D. Pedro Casaldáliga morreu aos 92 anos. Catalão de nascença, é brasileiro de missão. Chegou ali como jovem Padre Claretiano e seria conhecido mundialmente pela sua opção pelos mais pobres e pela poesia. S. Félix de Araguaia teria um Bispo pobre com uma vida inteiramente dedicada aos mais fragilizados da sociedade. Optou por um estilo de vida simples e sóbrio, interpelou pela sabedoria e frontalidade das suas palavras, entregou-se de alma e coração ao povo que lhe foi confiado. Está na origem de movimentos cristãos e populares como o Conselho Indigenista Missionário (CIMI) e o Movimento dos Sem Terra (MST). Que descanse em paz. E que nós nos sintamos inspirados e desinstalados por ele.

Por falar em pastores com cheiro a ovelhas, não podia deixar de partilhar algo que aconteceu comigo estes dias. Fui visitar o Calvário de Beire, em Paredes, uma das Casas do Gaiato fundadas pelo Padre Américo para acolher crianças, jovens e adultos abandonados pelas suas famílias ou portadores de deficiências graves que condicionam a sua autonomia. Ao chegar lá, fui recebido pelo P. Fernando Fontoura, actual responsável da instituição. Tive direito a uma visita guiada que muito me honrou e tocou. Mas – devo confessar – o que mais me emocionou foi encontrar três grandes referências da Obra da Rua. Começo pelo mais jovem, o P. Rafael Serrano, o actual responsável pela Casa do Gaiato de Malanje, em Angola. Lá o encontrei há 3 anos e soube do acidente de viação que lhe fracturou diversos ossos e o obrigou a vir até Portugal para se tratar. Após um ano de luta contra tanta fractura, achou-se minimamente recuperado para regressar a Angola e retomar o trabalho em Malanje. Já partiu, apesar das muitas debilidades que ainda o limitam.

Encontrei ainda o P. Manuel António, lendário responsável pela Casa do Gaiato de Benguela onde trabalhou mais de 60 anos. Repousa agora em Beire, bastante frágil, mas muito conversador e feliz, como tive a oportunidade de experimentar no breve encontro mantido.

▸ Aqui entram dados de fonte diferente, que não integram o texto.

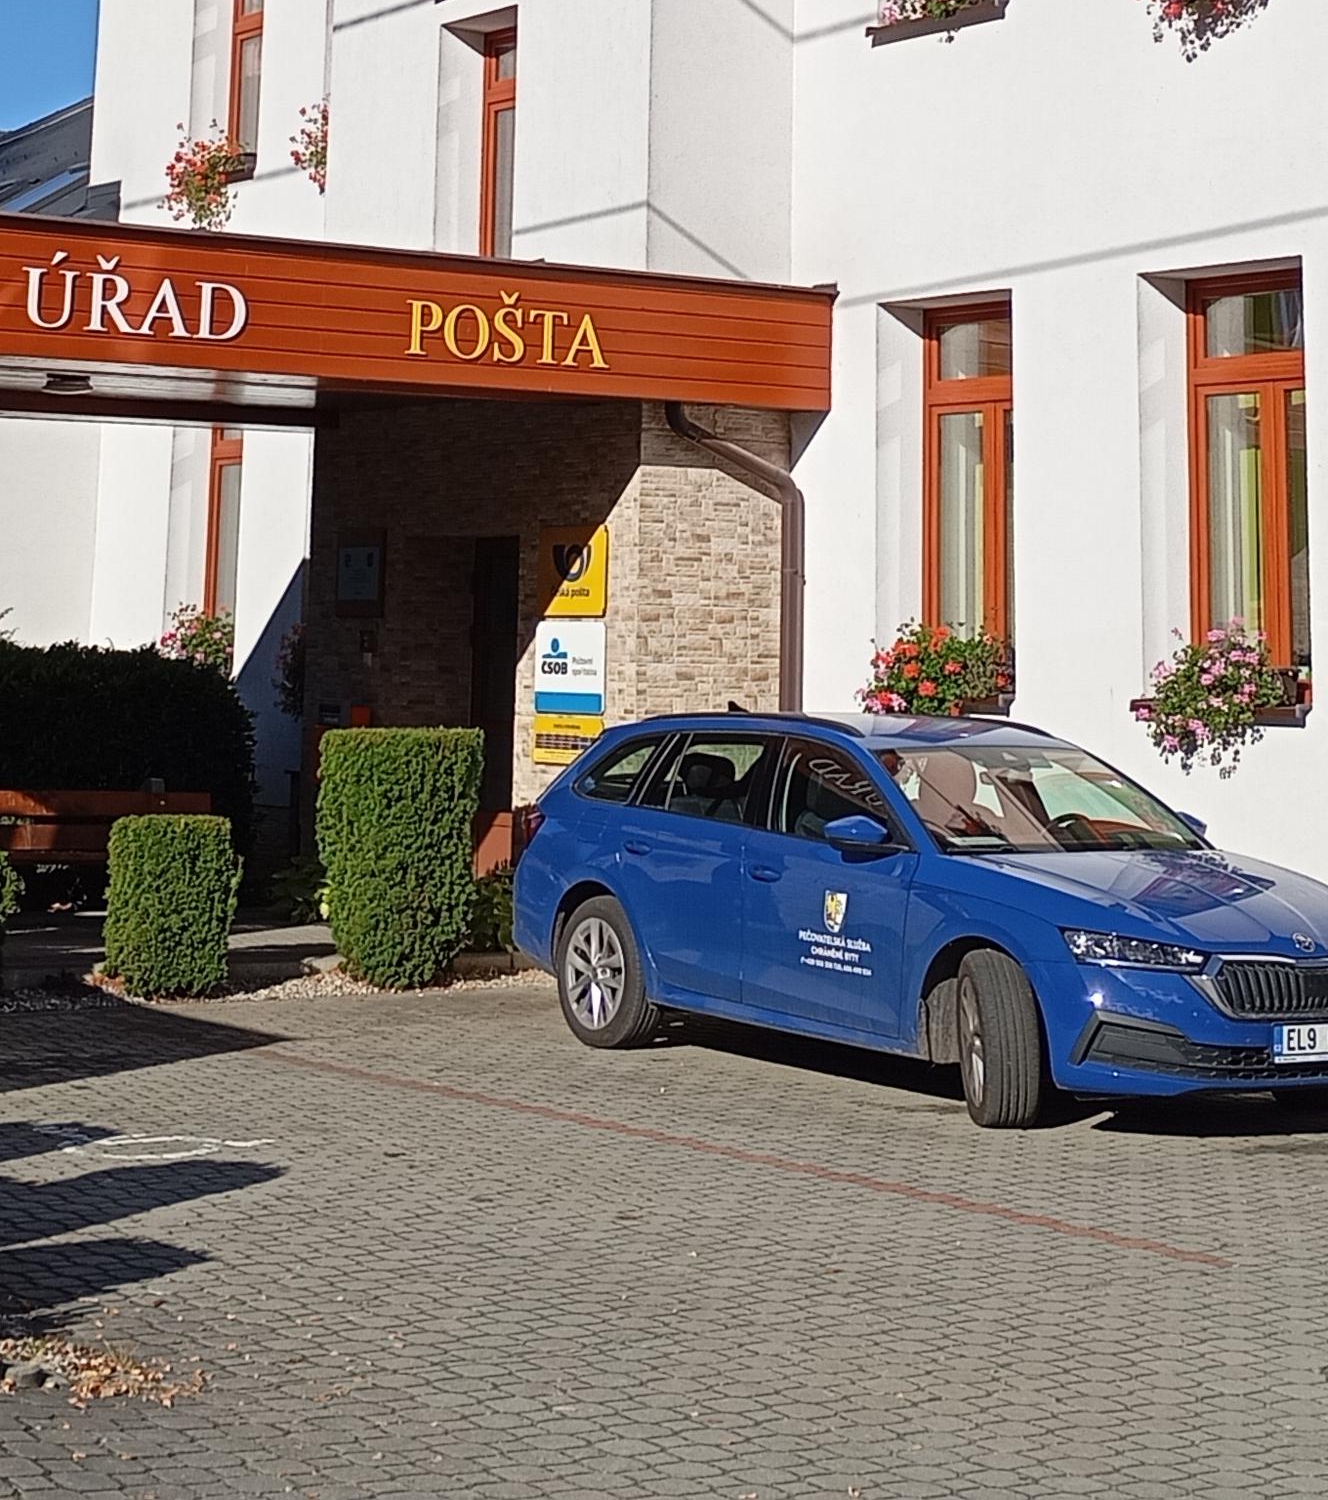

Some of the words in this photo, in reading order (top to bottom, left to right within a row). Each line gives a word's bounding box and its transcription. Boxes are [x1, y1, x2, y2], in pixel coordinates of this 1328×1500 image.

[22, 251, 248, 340] ÚŘAD
[404, 290, 610, 369] POŠTA
[1287, 1027, 1317, 1051] EL9
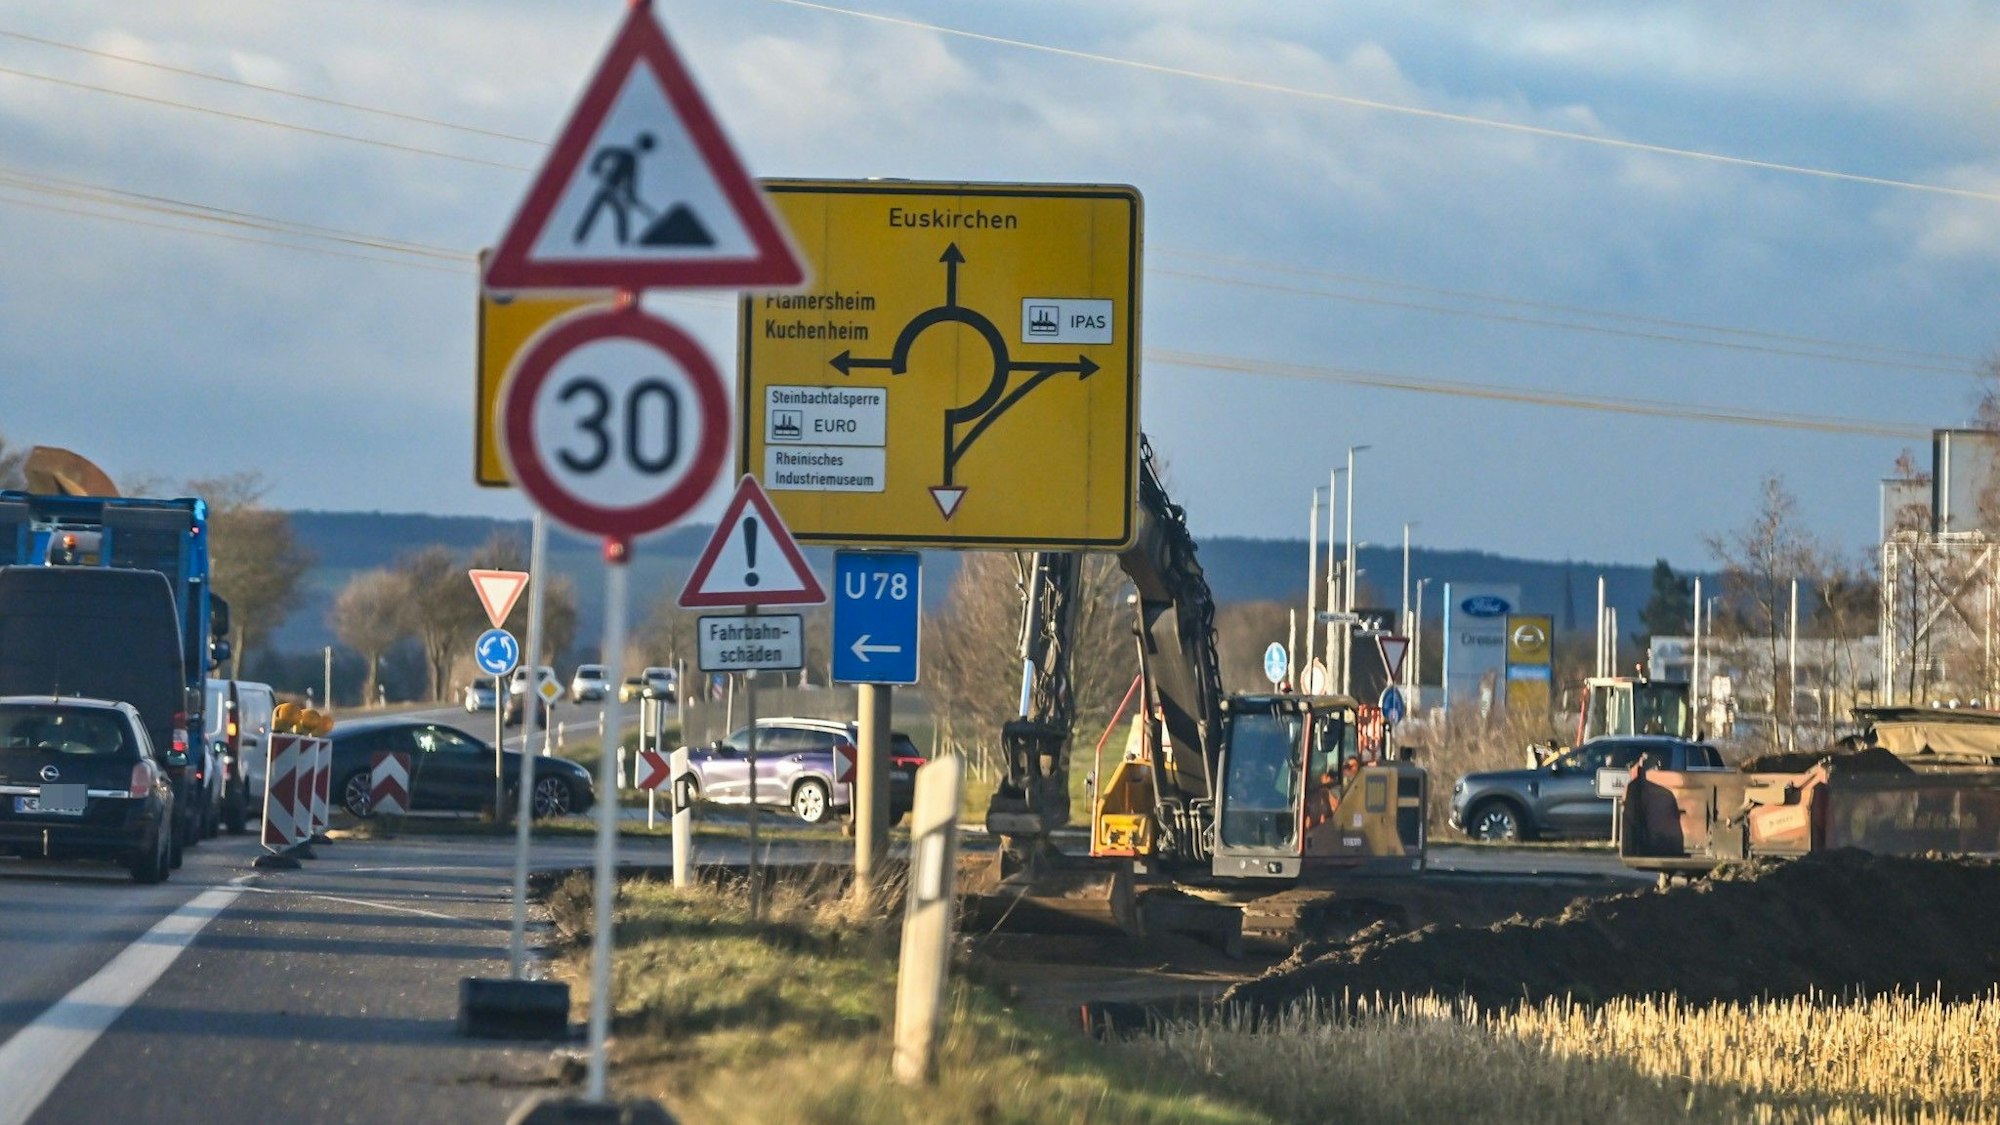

Mas desde 1991 que tenho uma grande referência na Obra da Rua: o P. Telmo Ferraz, pertencente à Diocese de Bragança-Miranda e há muitas décadas a dedicar-se aos mais pobres, primeiro em Moçambique e depois em Angola. Visitei-o na Casa do Gaiato de Malanje que ele fundou e animou corajosamente até há poucos anos, quando teve de regressar a Portugal. A Casa do Gaiato de Malanje é uma cidade viva. Tem muitas oficinas, campos e escolas e garantiu uma formação integral a centenas de ‘Gaiatos’ que ali viveram e se prepararam para a vida cá fora. A guerra civil, após a independência, pilhou e destruiu-lhe as estruturas duas vezes e o P. Telmo recomeçou sempre a Obra como se fosse a primeira vez. Em Malanje, o P. Telmo tem estatuto de ‘santo’ e merece-o por tanta dedicação, sem medo de colocar em risco a sua vida. O P. Telmo é um lutador pelas causas dos pobres e um escritor de classe. Quando soube da notícia de D. Casaldáliga, lembrei-me imediatamente do P. Telmo, pois são dois perfis muito semelhantes pela cultura e arte de dizer e, sobretudo, pela opção corajosa e arriscada pelos mais pobres e abandonados das sociedades onde foram missionários. Eu li muitas das obras do P. Telmo e fiquei muito feliz com a oferta do seu último livro,’o silêncio de Deus’, escrito pouco antes da chegada da covid, mas que bem podia ter sido escrito agora. Lá para o fim cita D. Hélder Câmara, o Papa Bento XVI e o Papa Francisco: ‘Capaz de transformar desertos em terra fértil, o homem parece orgulhar-se de ser criador de desertos’ (D. Hélder); ’Se os desertos exteriores se multiplicam no mundo, porque os desertos interiores se tornaram tão amplos?’ (Bento XVI); ’A crise ecológica é um apelo a uma profunda conversão interior’ (Papa Francisco).

Precisamos todos de grandes referências, de remadores contra a maré, de pessoas coerentes que vivem o Evangelho e não se limitam a proclamá-lo.